[[ Records for this task, beginning ]]

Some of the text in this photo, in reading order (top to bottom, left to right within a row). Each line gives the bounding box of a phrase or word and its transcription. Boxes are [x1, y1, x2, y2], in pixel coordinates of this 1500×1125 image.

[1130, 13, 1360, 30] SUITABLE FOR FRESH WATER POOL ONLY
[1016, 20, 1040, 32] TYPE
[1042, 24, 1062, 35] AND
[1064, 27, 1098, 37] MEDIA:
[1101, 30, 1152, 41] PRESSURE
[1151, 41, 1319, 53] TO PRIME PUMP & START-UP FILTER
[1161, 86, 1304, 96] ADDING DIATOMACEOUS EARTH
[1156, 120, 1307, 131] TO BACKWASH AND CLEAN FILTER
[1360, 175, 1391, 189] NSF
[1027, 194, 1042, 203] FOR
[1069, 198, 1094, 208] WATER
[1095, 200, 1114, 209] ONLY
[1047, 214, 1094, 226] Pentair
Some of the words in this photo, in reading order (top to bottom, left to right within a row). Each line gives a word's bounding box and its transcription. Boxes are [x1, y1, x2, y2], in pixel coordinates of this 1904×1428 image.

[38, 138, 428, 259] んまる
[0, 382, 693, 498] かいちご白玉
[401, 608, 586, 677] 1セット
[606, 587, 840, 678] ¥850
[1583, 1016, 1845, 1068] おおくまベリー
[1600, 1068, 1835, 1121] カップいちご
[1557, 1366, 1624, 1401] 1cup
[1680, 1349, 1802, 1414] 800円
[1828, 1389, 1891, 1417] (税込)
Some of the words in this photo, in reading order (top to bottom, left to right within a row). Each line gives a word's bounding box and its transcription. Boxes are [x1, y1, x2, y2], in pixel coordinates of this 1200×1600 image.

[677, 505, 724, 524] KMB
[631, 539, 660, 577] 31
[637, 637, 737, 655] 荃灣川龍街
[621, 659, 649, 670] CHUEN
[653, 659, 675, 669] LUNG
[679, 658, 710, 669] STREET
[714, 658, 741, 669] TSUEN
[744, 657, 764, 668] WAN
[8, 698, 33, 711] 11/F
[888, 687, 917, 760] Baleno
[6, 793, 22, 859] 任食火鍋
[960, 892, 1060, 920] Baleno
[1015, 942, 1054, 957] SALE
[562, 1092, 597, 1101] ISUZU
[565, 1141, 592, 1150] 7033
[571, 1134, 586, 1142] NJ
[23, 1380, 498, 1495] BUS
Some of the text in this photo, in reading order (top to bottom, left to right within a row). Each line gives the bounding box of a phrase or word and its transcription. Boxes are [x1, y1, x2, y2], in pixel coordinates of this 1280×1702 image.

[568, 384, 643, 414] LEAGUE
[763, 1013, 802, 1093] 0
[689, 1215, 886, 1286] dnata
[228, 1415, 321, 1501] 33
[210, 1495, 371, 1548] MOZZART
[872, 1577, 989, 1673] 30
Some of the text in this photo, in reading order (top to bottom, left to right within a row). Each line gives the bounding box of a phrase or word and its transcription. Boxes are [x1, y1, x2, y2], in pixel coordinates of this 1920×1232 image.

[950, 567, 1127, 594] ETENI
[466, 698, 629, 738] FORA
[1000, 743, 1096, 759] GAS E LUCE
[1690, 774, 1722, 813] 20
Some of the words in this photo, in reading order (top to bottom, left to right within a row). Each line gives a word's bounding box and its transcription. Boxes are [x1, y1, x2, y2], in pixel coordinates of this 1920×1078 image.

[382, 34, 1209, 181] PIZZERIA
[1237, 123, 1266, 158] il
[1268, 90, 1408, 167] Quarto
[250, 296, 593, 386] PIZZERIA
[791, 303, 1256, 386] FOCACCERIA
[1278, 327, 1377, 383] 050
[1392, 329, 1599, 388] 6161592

[[ Records for this task, end ]]

Each line of the records must be reproduced exactly.

Some of the text in this photo, in reading order (top to bottom, left to right within a row). Each line gives the bounding box of a phrase or word and its transcription. Boxes are [x1, y1, x2, y2], in pixel coordinates of this 1500×1125 image.

[1130, 13, 1360, 30] SUITABLE FOR FRESH WATER POOL ONLY
[1016, 20, 1040, 32] TYPE
[1042, 24, 1062, 35] AND
[1064, 27, 1098, 37] MEDIA:
[1101, 30, 1152, 41] PRESSURE
[1151, 41, 1319, 53] TO PRIME PUMP & START-UP FILTER
[1161, 86, 1304, 96] ADDING DIATOMACEOUS EARTH
[1156, 120, 1307, 131] TO BACKWASH AND CLEAN FILTER
[1360, 175, 1391, 189] NSF
[1027, 194, 1042, 203] FOR
[1069, 198, 1094, 208] WATER
[1095, 200, 1114, 209] ONLY
[1047, 214, 1094, 226] Pentair
Some of the words in this photo, in reading order (top to bottom, left to right within a row). Each line gives a word's bounding box and its transcription. Boxes are [x1, y1, x2, y2], in pixel coordinates of this 1904×1428 image.

[38, 138, 428, 259] んまる
[0, 382, 693, 498] かいちご白玉
[401, 608, 586, 677] 1セット
[606, 587, 840, 678] ¥850
[1583, 1016, 1845, 1068] おおくまベリー
[1600, 1068, 1835, 1121] カップいちご
[1557, 1366, 1624, 1401] 1cup
[1680, 1349, 1802, 1414] 800円
[1828, 1389, 1891, 1417] (税込)
Some of the words in this photo, in reading order (top to bottom, left to right within a row). Each line gives a word's bounding box and its transcription. Boxes are [x1, y1, x2, y2], in pixel coordinates of this 1200×1600 image.

[677, 505, 724, 524] KMB
[631, 539, 660, 577] 31
[637, 637, 737, 655] 荃灣川龍街
[621, 659, 649, 670] CHUEN
[653, 659, 675, 669] LUNG
[679, 658, 710, 669] STREET
[714, 658, 741, 669] TSUEN
[744, 657, 764, 668] WAN
[8, 698, 33, 711] 11/F
[888, 687, 917, 760] Baleno
[6, 793, 22, 859] 任食火鍋
[960, 892, 1060, 920] Baleno
[1015, 942, 1054, 957] SALE
[562, 1092, 597, 1101] ISUZU
[565, 1141, 592, 1150] 7033
[571, 1134, 586, 1142] NJ
[23, 1380, 498, 1495] BUS
Some of the text in this photo, in reading order (top to bottom, left to right within a row). Each line gives the bounding box of a phrase or word and its transcription. Boxes are [x1, y1, x2, y2], in pixel coordinates of this 1280×1702 image.

[568, 384, 643, 414] LEAGUE
[763, 1013, 802, 1093] 0
[689, 1215, 886, 1286] dnata
[228, 1415, 321, 1501] 33
[210, 1495, 371, 1548] MOZZART
[872, 1577, 989, 1673] 30
Some of the text in this photo, in reading order (top to bottom, left to right within a row). Each line gives the bounding box of a phrase or word and its transcription. Boxes are [x1, y1, x2, y2], in pixel coordinates of this 1920×1232 image.

[950, 567, 1127, 594] ETENI
[466, 698, 629, 738] FORA
[1000, 743, 1096, 759] GAS E LUCE
[1690, 774, 1722, 813] 20
Some of the words in this photo, in reading order (top to bottom, left to right within a row). Each line gives a word's bounding box and its transcription. Boxes are [x1, y1, x2, y2], in pixel coordinates of this 1920×1078 image.

[382, 34, 1209, 181] PIZZERIA
[1237, 123, 1266, 158] il
[1268, 90, 1408, 167] Quarto
[250, 296, 593, 386] PIZZERIA
[791, 303, 1256, 386] FOCACCERIA
[1278, 327, 1377, 383] 050
[1392, 329, 1599, 388] 6161592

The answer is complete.